▶ _What you need to do_
All of the data that follows is to be written out exactly, with images excluded.

[[ Supplied data open ]]

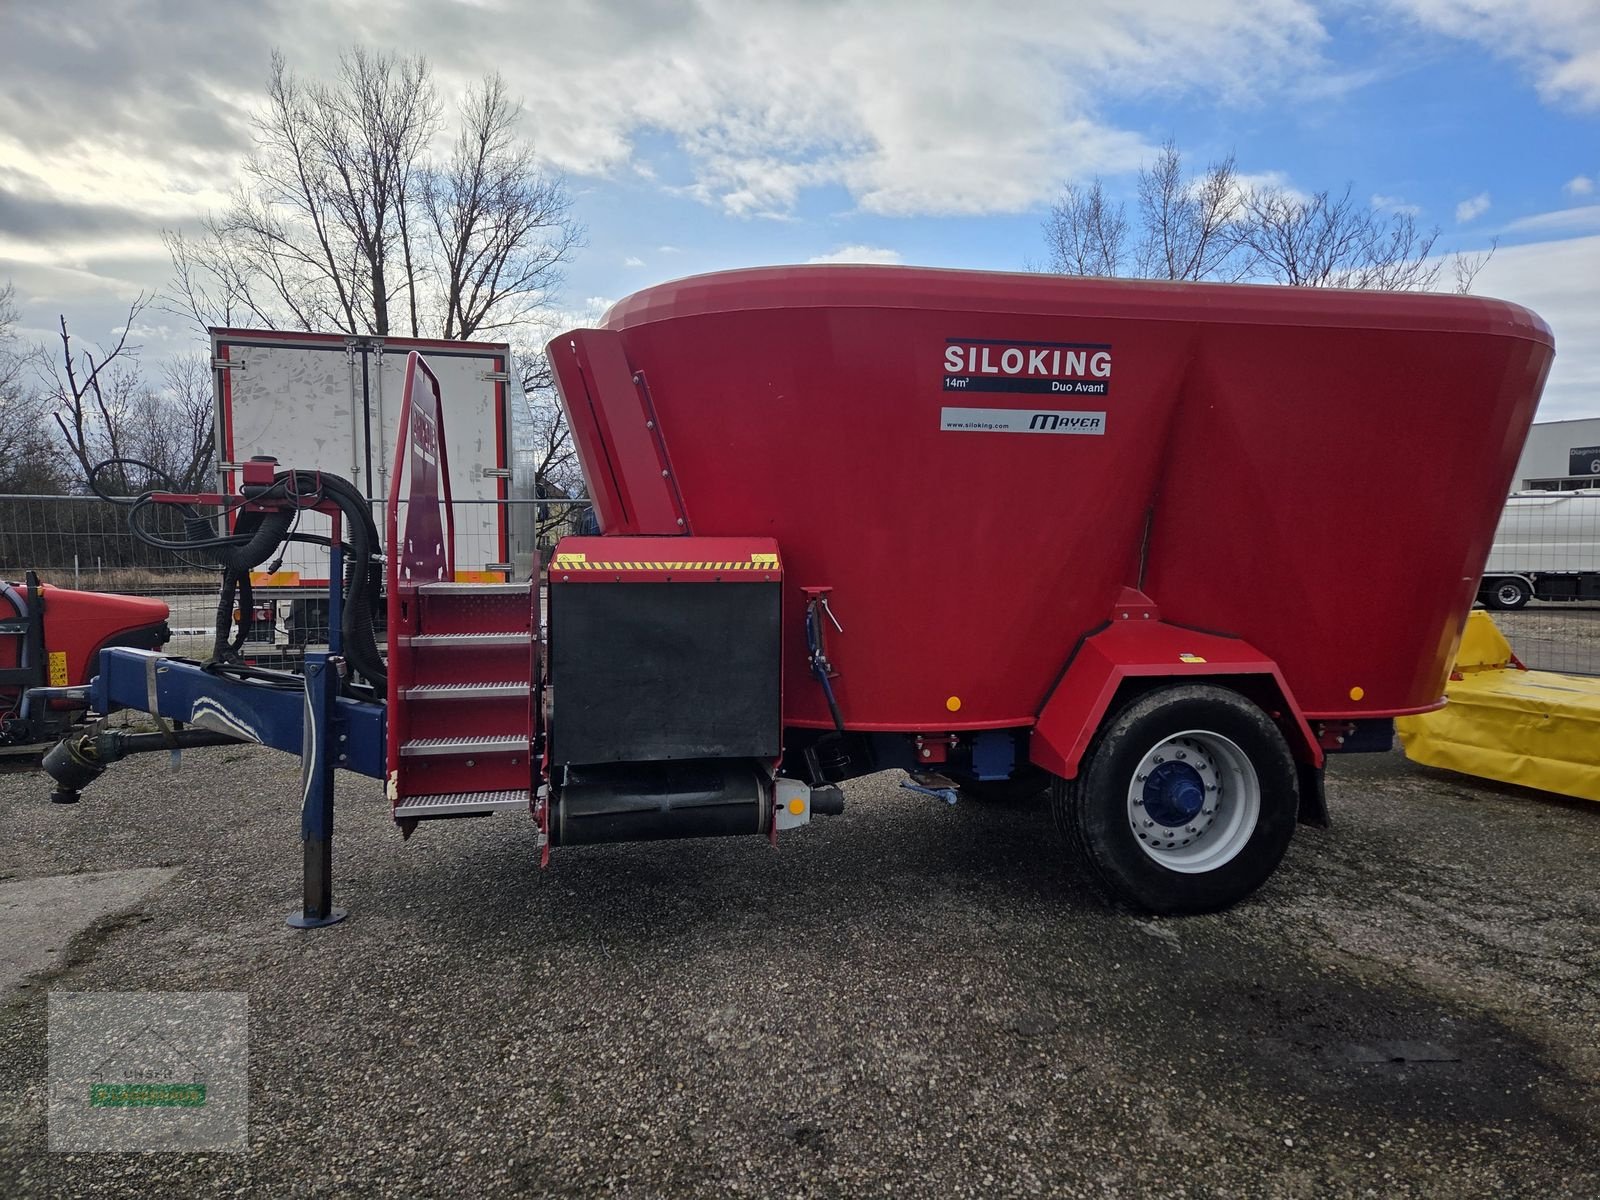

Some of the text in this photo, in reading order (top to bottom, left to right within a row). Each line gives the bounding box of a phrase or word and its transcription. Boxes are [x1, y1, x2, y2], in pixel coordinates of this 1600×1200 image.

[944, 345, 1112, 378] SILOKING
[1052, 381, 1104, 393] Duo Avant
[946, 422, 1009, 430] www.siloking.com
[1029, 414, 1100, 430] MAYER
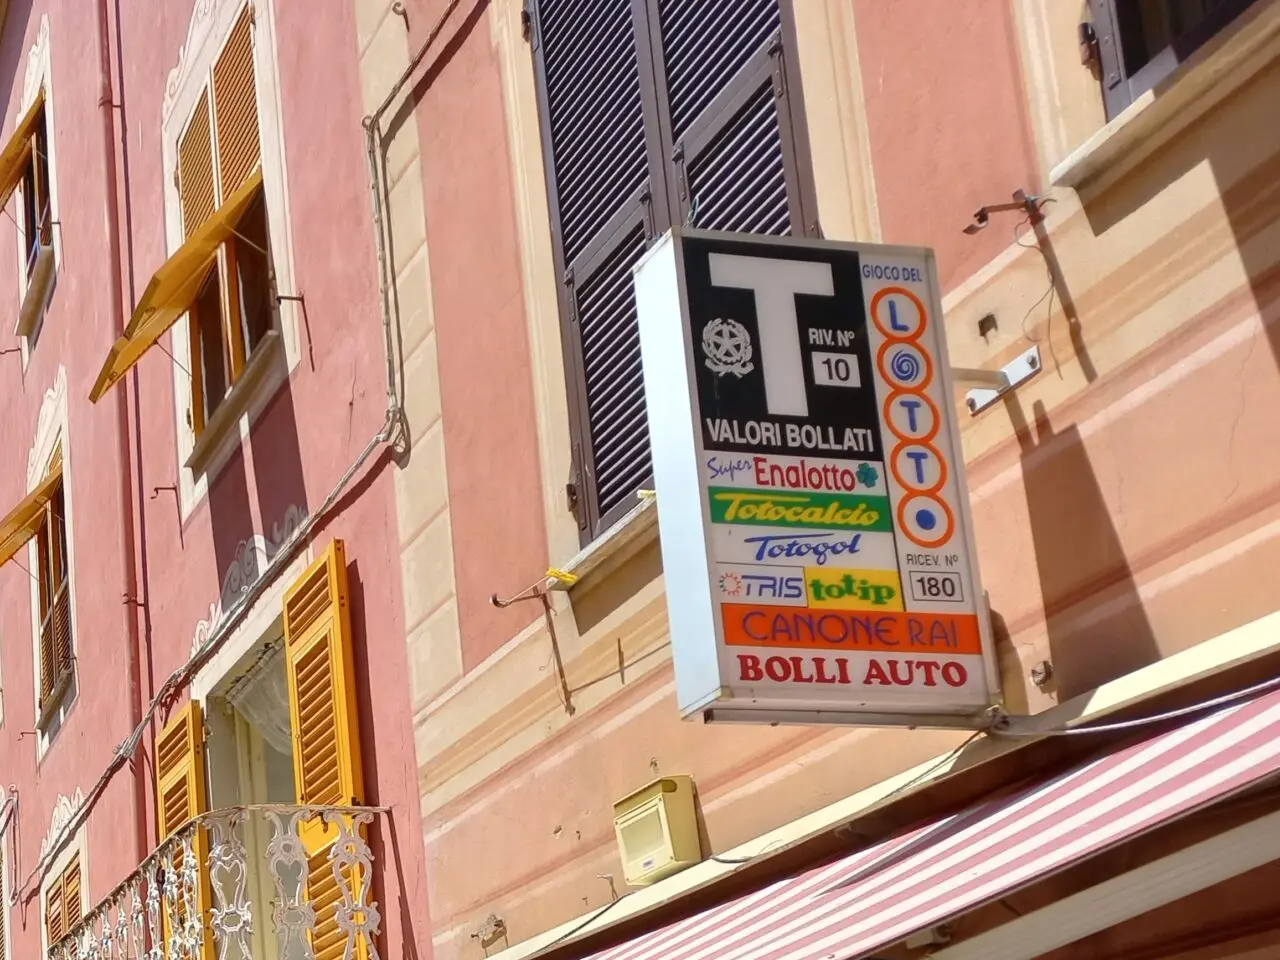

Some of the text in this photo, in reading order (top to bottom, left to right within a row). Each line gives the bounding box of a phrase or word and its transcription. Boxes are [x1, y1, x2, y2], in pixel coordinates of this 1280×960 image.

[862, 265, 923, 283] GIOCO DEL
[708, 253, 835, 417] T
[808, 328, 835, 345] RIV.
[821, 358, 851, 383] 10
[706, 418, 873, 452] VALORI BOLLATI
[706, 456, 855, 492] Super Enalotto
[713, 492, 879, 527] Totocalcio
[744, 533, 861, 565] Totogol
[906, 553, 939, 567] RICEV.
[740, 573, 897, 606] TRIS totip
[916, 575, 956, 597] 180
[742, 611, 958, 648] CANONE RAI
[736, 654, 969, 688] BOLLI AUTO
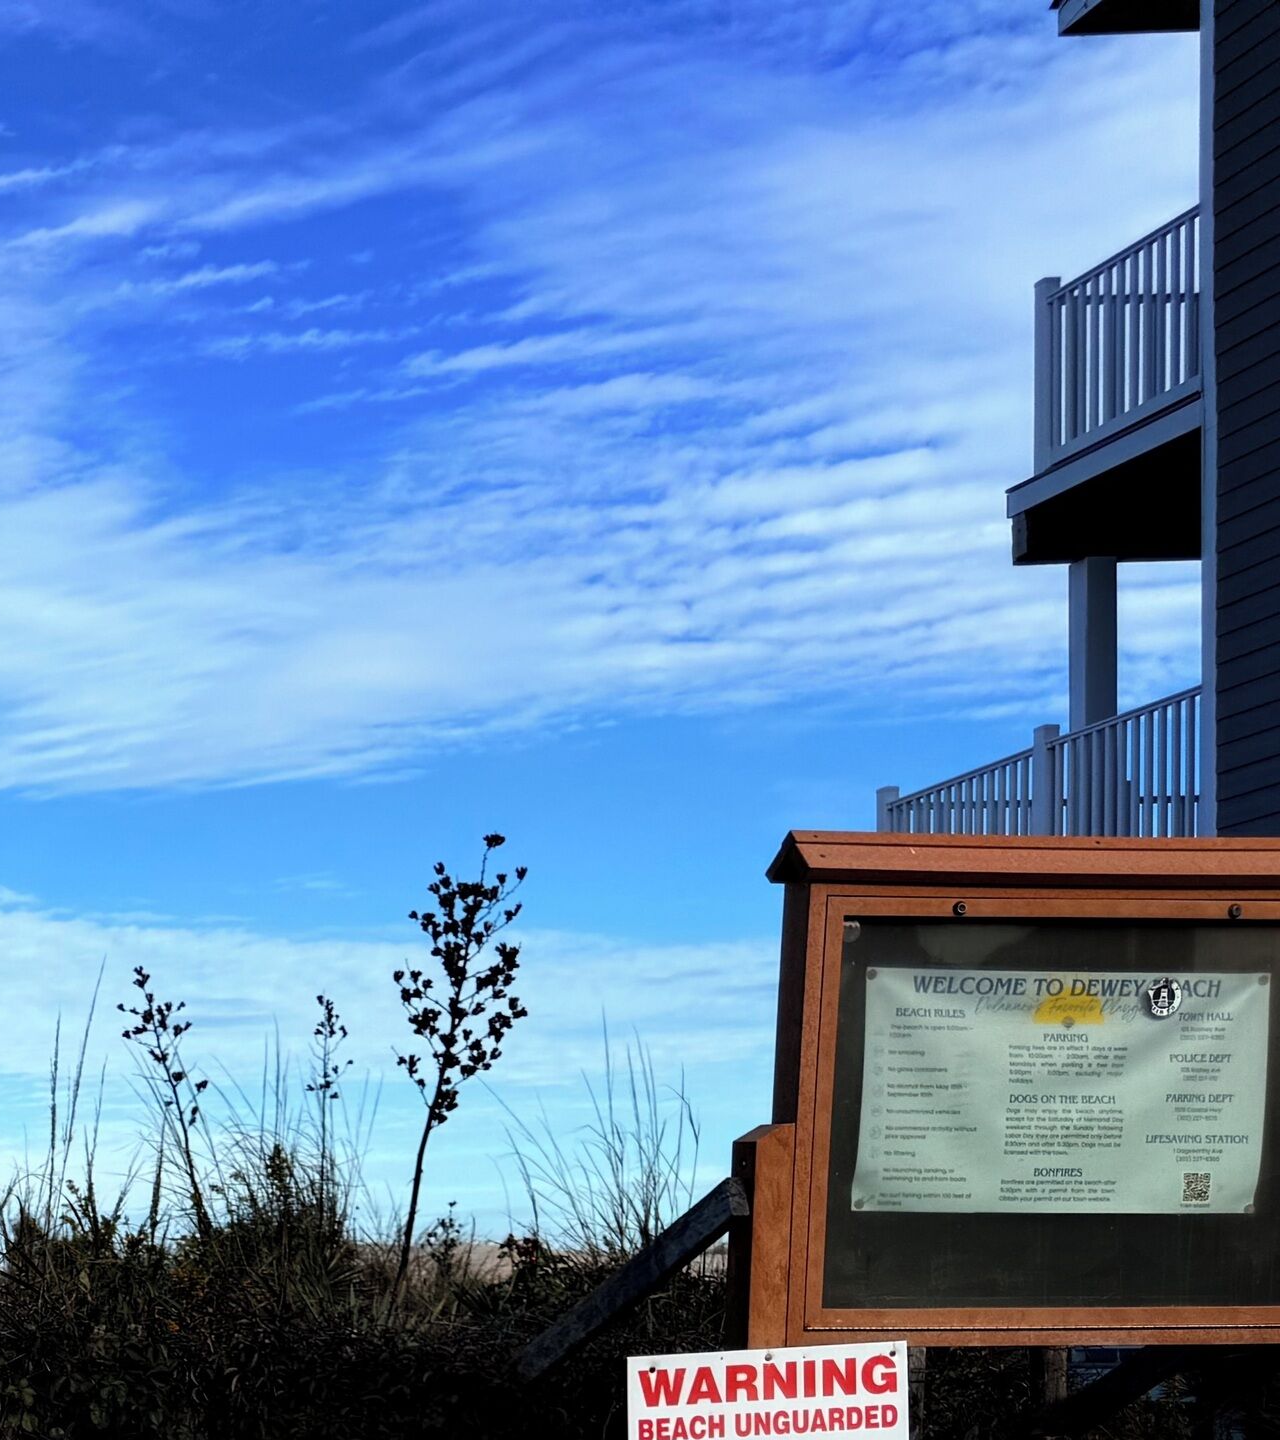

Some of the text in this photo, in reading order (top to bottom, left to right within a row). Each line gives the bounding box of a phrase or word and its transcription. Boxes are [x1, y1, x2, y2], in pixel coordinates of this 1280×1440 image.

[[ Supplied data closed ]]

▶ _Written solution_
Some of the text in this photo, in reading order (top to bottom, left to right within a row). Each line gives the bounding box of a phrase or word and its transcription. Boxes are [x1, y1, x2, y2], in pixel coordinates of this 1600×1200 image.

[944, 345, 1112, 378] SILOKING
[1052, 381, 1104, 393] Duo Avant
[946, 422, 1009, 430] www.siloking.com
[1029, 414, 1100, 430] MAYER

Some of the text in this photo, in reading order (top to bottom, left to right within a row). Each line gives the bounding box of a phrase or word and its transcription. Boxes are [x1, y1, x2, y2], in pixel coordinates of this 1280×960 image.

[862, 265, 923, 283] GIOCO DEL
[708, 253, 835, 417] T
[808, 328, 835, 345] RIV.
[821, 358, 851, 383] 10
[706, 418, 873, 452] VALORI BOLLATI
[706, 456, 855, 492] Super Enalotto
[713, 492, 879, 527] Totocalcio
[744, 533, 861, 565] Totogol
[906, 553, 939, 567] RICEV.
[740, 573, 897, 606] TRIS totip
[916, 575, 956, 597] 180
[742, 611, 958, 648] CANONE RAI
[736, 654, 969, 688] BOLLI AUTO

Some of the text in this photo, in reading order (top to bottom, left to right within a row). Each line gives the bounding box of a phrase or word and its transcription. Boxes are [x1, y1, x2, y2], in pixel coordinates of this 1280×1440 image.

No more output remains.